WHAT TO WORK ON: The data that follows is to be copied exactly, with each image removed.

+---+

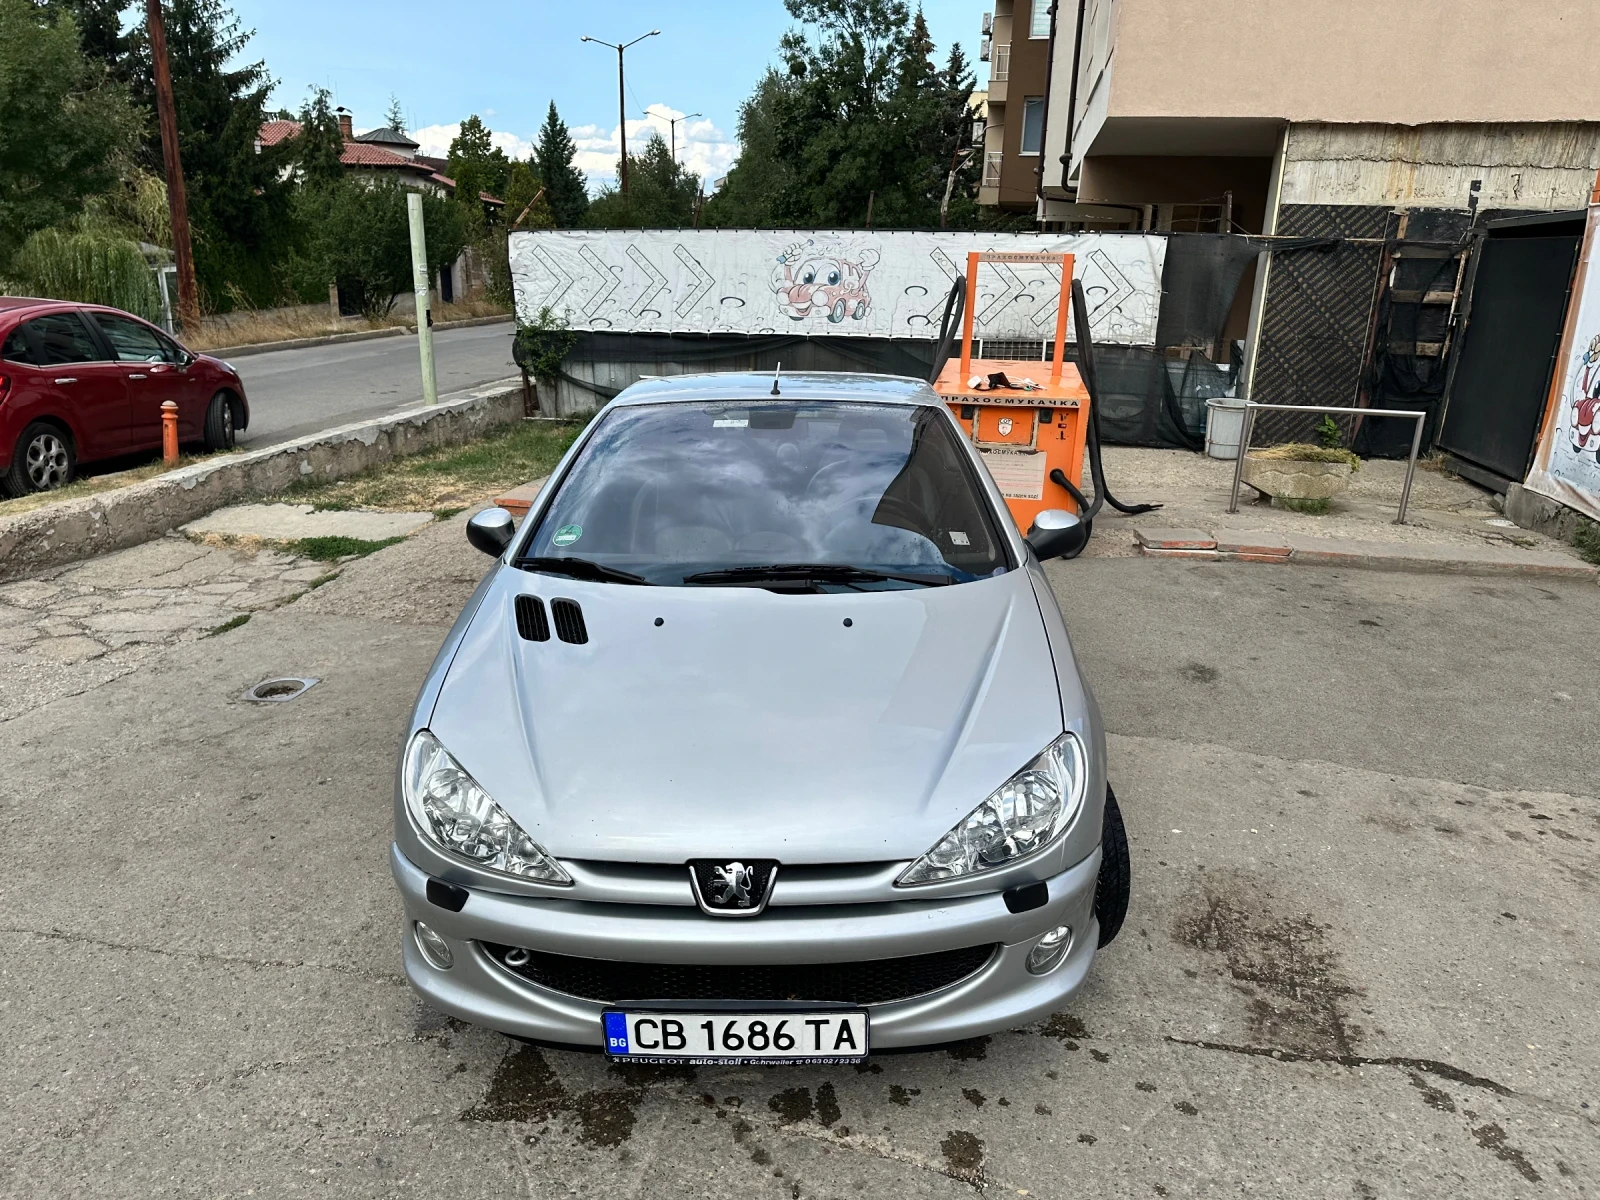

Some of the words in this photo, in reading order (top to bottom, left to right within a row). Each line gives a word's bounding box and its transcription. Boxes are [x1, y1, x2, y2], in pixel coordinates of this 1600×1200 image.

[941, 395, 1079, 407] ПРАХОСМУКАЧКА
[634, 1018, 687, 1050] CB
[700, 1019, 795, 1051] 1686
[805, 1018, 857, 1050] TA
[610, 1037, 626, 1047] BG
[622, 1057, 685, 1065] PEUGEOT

+---+

EXERCISE SOLUTION:
Some of the words in this photo, in reading order (top to bottom, left to right within a row). Each line gives a word's bounding box and its transcription. Boxes are [x1, y1, x2, y2], in pixel coordinates of this 1600×1200 image.

[941, 395, 1079, 407] ПРАХОСМУКАЧКА
[634, 1018, 687, 1050] CB
[700, 1019, 795, 1051] 1686
[805, 1018, 857, 1050] TA
[610, 1037, 626, 1047] BG
[622, 1057, 685, 1065] PEUGEOT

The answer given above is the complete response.